**Aim of the task**
Could you restate every line of the data word for word?

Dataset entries

▬▬▬▬▬▬

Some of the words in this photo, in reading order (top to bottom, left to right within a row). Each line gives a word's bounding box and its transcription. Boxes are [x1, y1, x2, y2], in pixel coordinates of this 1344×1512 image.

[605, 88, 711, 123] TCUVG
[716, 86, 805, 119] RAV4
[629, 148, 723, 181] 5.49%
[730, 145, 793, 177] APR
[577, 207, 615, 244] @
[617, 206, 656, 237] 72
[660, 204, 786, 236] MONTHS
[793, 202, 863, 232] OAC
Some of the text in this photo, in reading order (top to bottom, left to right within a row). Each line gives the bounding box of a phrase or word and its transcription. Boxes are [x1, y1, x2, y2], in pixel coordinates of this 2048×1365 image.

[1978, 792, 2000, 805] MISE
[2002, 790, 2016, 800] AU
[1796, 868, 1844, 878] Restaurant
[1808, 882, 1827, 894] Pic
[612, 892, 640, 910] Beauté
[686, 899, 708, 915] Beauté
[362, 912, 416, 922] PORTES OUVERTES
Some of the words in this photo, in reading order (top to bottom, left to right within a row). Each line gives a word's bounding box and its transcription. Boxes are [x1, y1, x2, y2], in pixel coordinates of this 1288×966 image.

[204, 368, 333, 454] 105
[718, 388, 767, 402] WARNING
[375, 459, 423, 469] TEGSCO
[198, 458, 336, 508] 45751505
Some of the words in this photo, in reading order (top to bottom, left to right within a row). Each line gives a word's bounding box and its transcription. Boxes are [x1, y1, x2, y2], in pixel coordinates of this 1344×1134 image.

▬▬▬▬▬▬

**Result of the exercise**
Some of the words in this photo, in reading order (top to bottom, left to right within a row). Each line gives a word's bounding box and its transcription. Boxes are [x1, y1, x2, y2], in pixel coordinates of this 1344×1512 image.

[605, 88, 711, 123] TCUVG
[716, 86, 805, 119] RAV4
[629, 148, 723, 181] 5.49%
[730, 145, 793, 177] APR
[577, 207, 615, 244] @
[617, 206, 656, 237] 72
[660, 204, 786, 236] MONTHS
[793, 202, 863, 232] OAC
Some of the text in this photo, in reading order (top to bottom, left to right within a row). Each line gives the bounding box of a phrase or word and its transcription. Boxes are [x1, y1, x2, y2], in pixel coordinates of this 2048×1365 image.

[1978, 792, 2000, 805] MISE
[2002, 790, 2016, 800] AU
[1796, 868, 1844, 878] Restaurant
[1808, 882, 1827, 894] Pic
[612, 892, 640, 910] Beauté
[686, 899, 708, 915] Beauté
[362, 912, 416, 922] PORTES OUVERTES
Some of the words in this photo, in reading order (top to bottom, left to right within a row). Each line gives a word's bounding box and its transcription. Boxes are [x1, y1, x2, y2], in pixel coordinates of this 1288×966 image.

[204, 368, 333, 454] 105
[718, 388, 767, 402] WARNING
[375, 459, 423, 469] TEGSCO
[198, 458, 336, 508] 45751505
Some of the words in this photo, in reading order (top to bottom, left to right within a row). Each line gives a word's bounding box and its transcription. Boxes are [x1, y1, x2, y2], in pixel coordinates of this 1344×1134 image.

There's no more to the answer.